Andrea laughed bitterly. ‘Do you know, Herr Fabel, that even after all this time he still comes back to haunt me? The clown?’

‘I’m sure,’ said Tansu. ‘You can’t go through an experience like that without post-traumatic stress.’

‘No… I’m not talking about that. I dealt with that. All of this

…’ She stood up straight and flexed her physique. ‘I created this to put that behind me. It wasn’t just the rape. That bastard beat me so badly I thought I was going to die. Well, I did, in a way. Vera died and I survived. He left a broken body behind and I fixed it. I don’t have nightmares about the Clown who attacked me. No post-trauma panic attacks. I’d love to meet him again… then I’d break every bone in his body. That’s not what I meant when I said he still comes back to haunt me. The sick bastard writes to me.’

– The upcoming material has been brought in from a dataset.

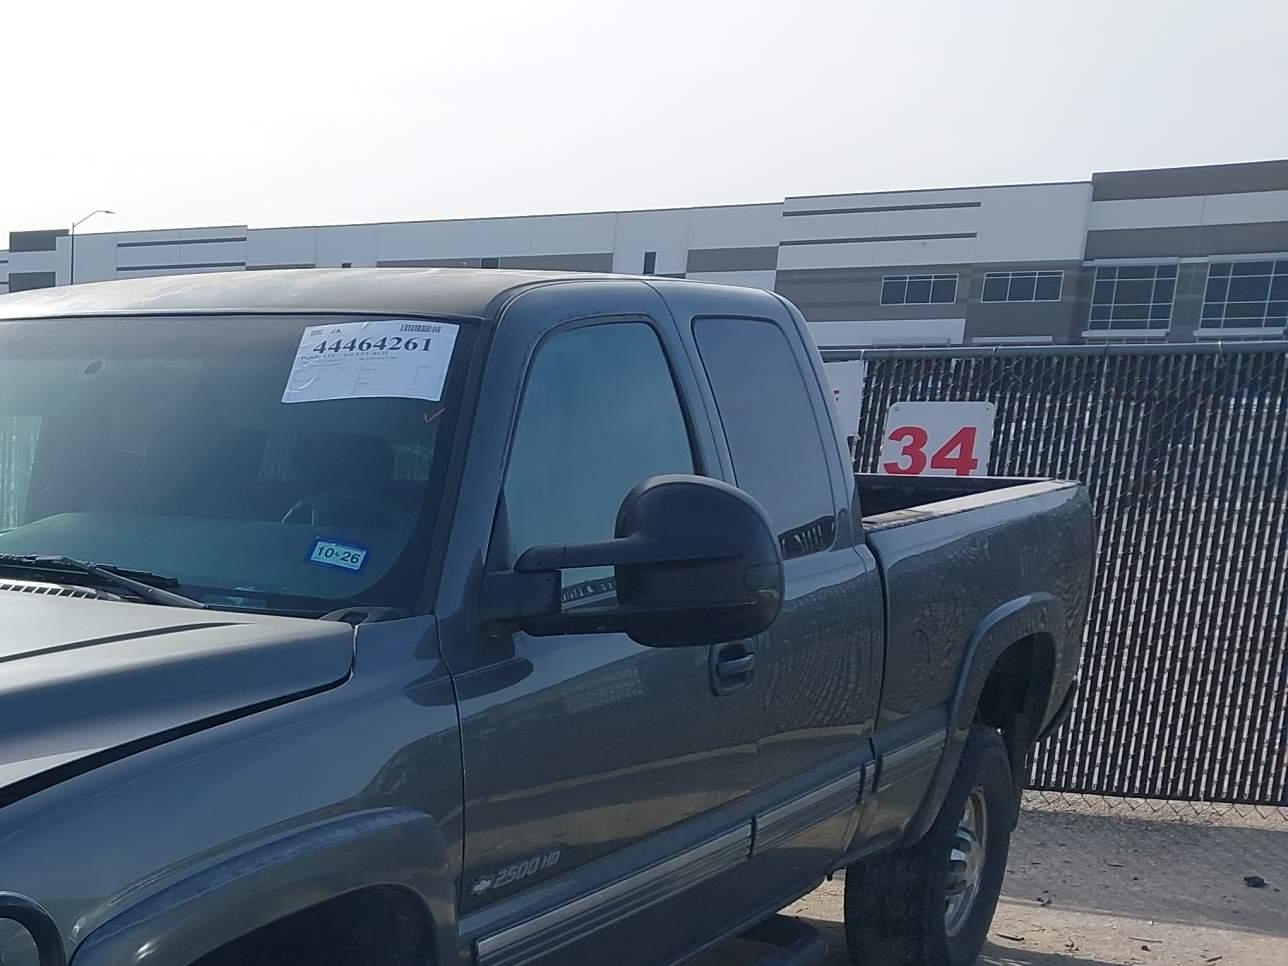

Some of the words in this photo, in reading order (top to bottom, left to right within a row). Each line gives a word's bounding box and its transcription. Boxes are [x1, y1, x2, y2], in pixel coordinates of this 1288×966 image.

[313, 336, 432, 354] 44464261
[884, 427, 978, 476] 34
[493, 857, 541, 889] 2500

‘What?’ Fabel exchanged looks with the others. ‘How? E-mail?’

‘No. Letters. They arrive every few months.’

‘Wait a minute,’ said Scholz. ‘Do you mean he puts pen to paper and sends it through the mail?’

‘That’s usually how letters arrive,’ said Andrea.

‘But that’s physical evidence. That’s a chance for us to track him down.’ Fabel couldn’t contain his frustration. ‘Why on earth didn’t you get in touch with the police?’

Andrea shrugged. ‘When the first one arrived, not long after the attack, I was terrified. But I was still her then. Soft, timid, pliant. Too scared to do anything. Then I decided to change my name and the rest all fell into place. Then the other letters arrived. Even after I’d changed my name and moved apartments. They don’t come often. But they did come.’

‘Have you kept them?’ asked Scholz.

Andrea shook her head. ‘I burn them now without reading them. But the ones I did read were all the same. Mad ravings. How much he wanted to do it again, how he was biding his time.’